10th International Brazilian Meeting on Cognitive Science
Keynote 3: Simulation and Adaptivity
Presenter: João José Neto – Polytechnic School of Engineering, University of São Paulo
December 7, 2015 – 2:00 PM
Simulation is among the most popular computing techniques, feaqturing a multitude of applications in almost all areas of knowledge. Simulators and their variations turn computers into versatile tools that help their users to mimic behaviors in selectable degrees of fidelity that range from crude approximations to detailed and faithful reproductions, even in real time. In our current state of technology, an ambicious challenging goal remains steady in focus, despite its complexity and low feasibility: replicating the behavior of natural, biological and especially neuronal and cognitive processes. Rule-driven devices are those whose behavior can be fully encoded in a finite set of if..then rules, and for their simplicity, the behavior they describe can be easily interpreted by a computer program such as a simulator. Adaptivity is the feature that enables devices to self-modify the set of rules defining their behavior, without external intervention, just in response to its history. One may turn any rule-driven computing device into a corresponding adaptive one by allownig them to perform self-modifications, and their ease of simulation is then further improved by allowing them to change their own behavior by modifying their set of if..then rules. In order to do so, adaptivity is easily achieved with the help of a couple of functions: one for inserting new rules and another for erasing existing ones. Even under the limitations of current technology, the association of adaptivity to simulation (and to other standard techniques) has shown to be helpful to the search of solutions in the field of complex problems.
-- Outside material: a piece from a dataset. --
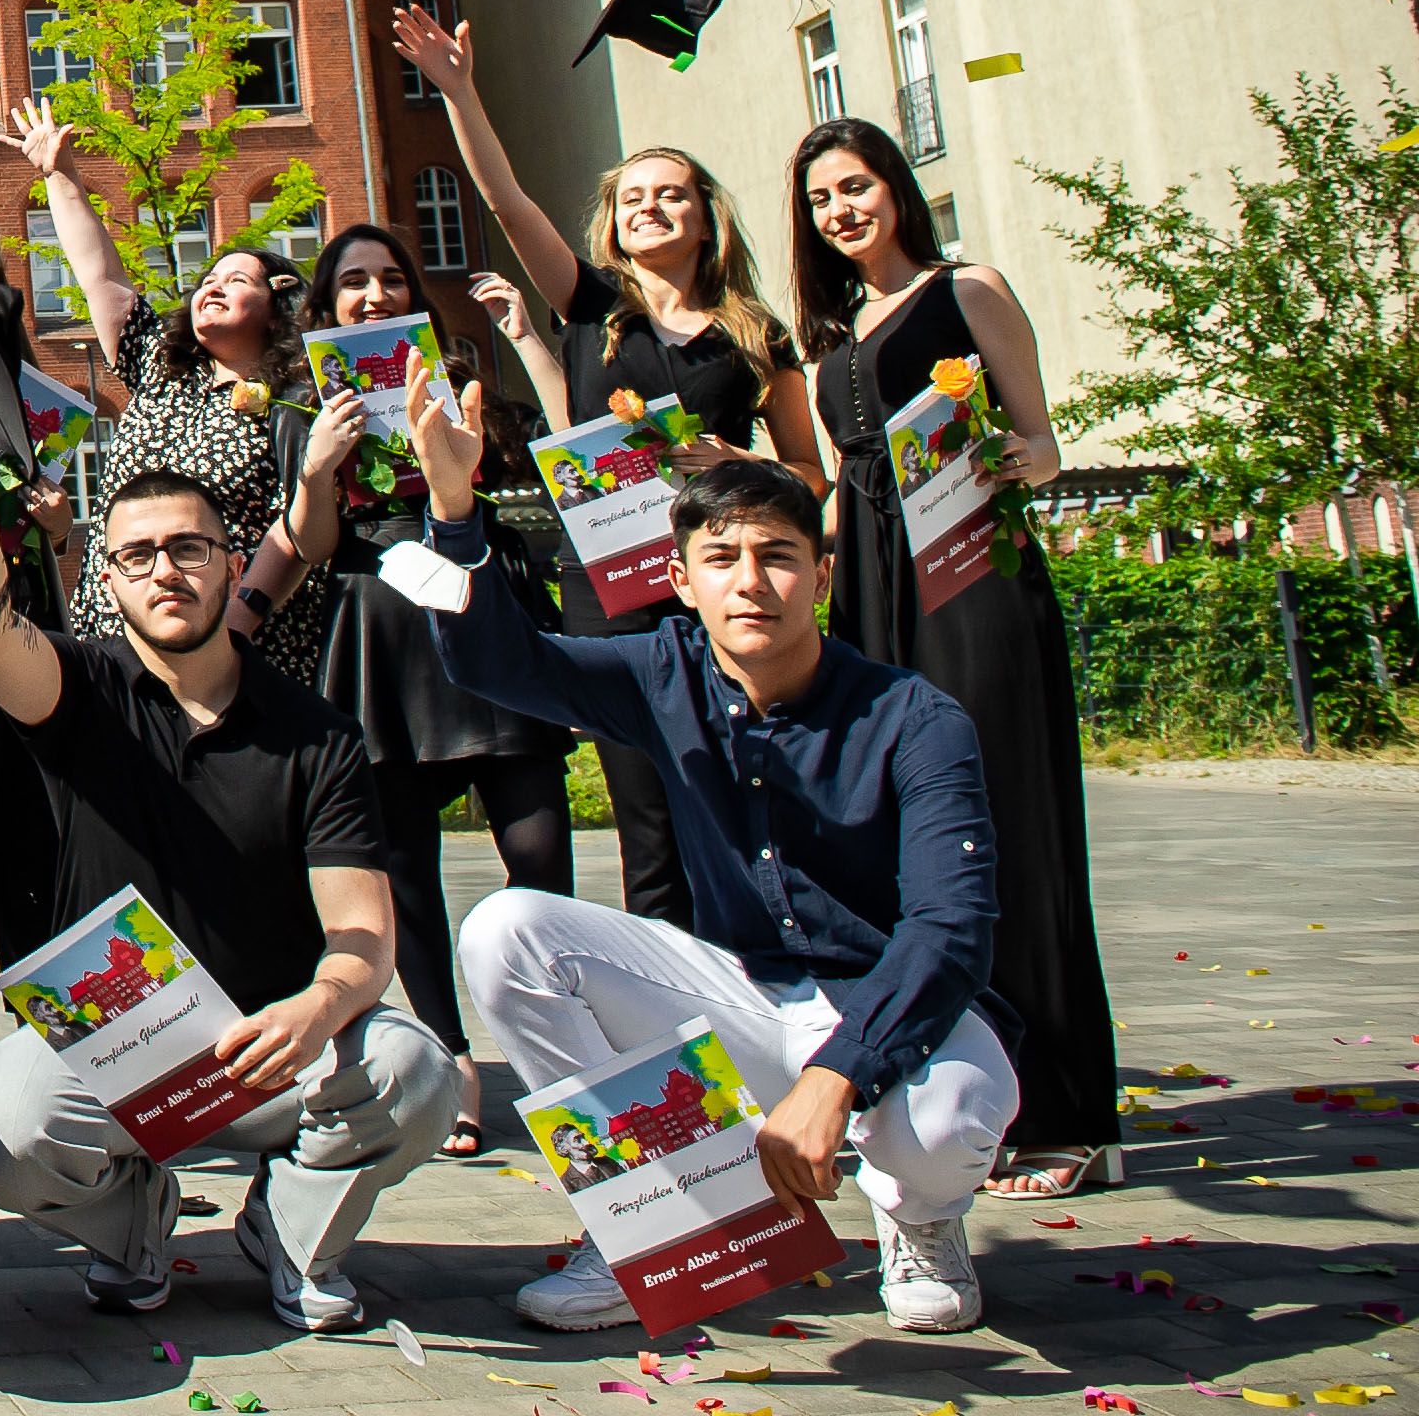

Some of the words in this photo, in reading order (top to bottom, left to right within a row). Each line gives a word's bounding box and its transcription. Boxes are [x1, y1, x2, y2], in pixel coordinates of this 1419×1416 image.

Standard divide-and-conquer strategies usually help us to separately investigate, understand and explore the multitude of aspects considered of interest, by adequately modeling learning and cognition processes, and by upgrading them with extra features from adaptive methods. Therefore, adaptivity is not proposed here as a “magic” for solving all problems in this area, but it has already proved to be highly promising as an effective tool (when used in conjunction with standard techniques and methods) to make successful incursions into unexplored and hard-to-access fields of knowledge, as it happens in cognitive sciences.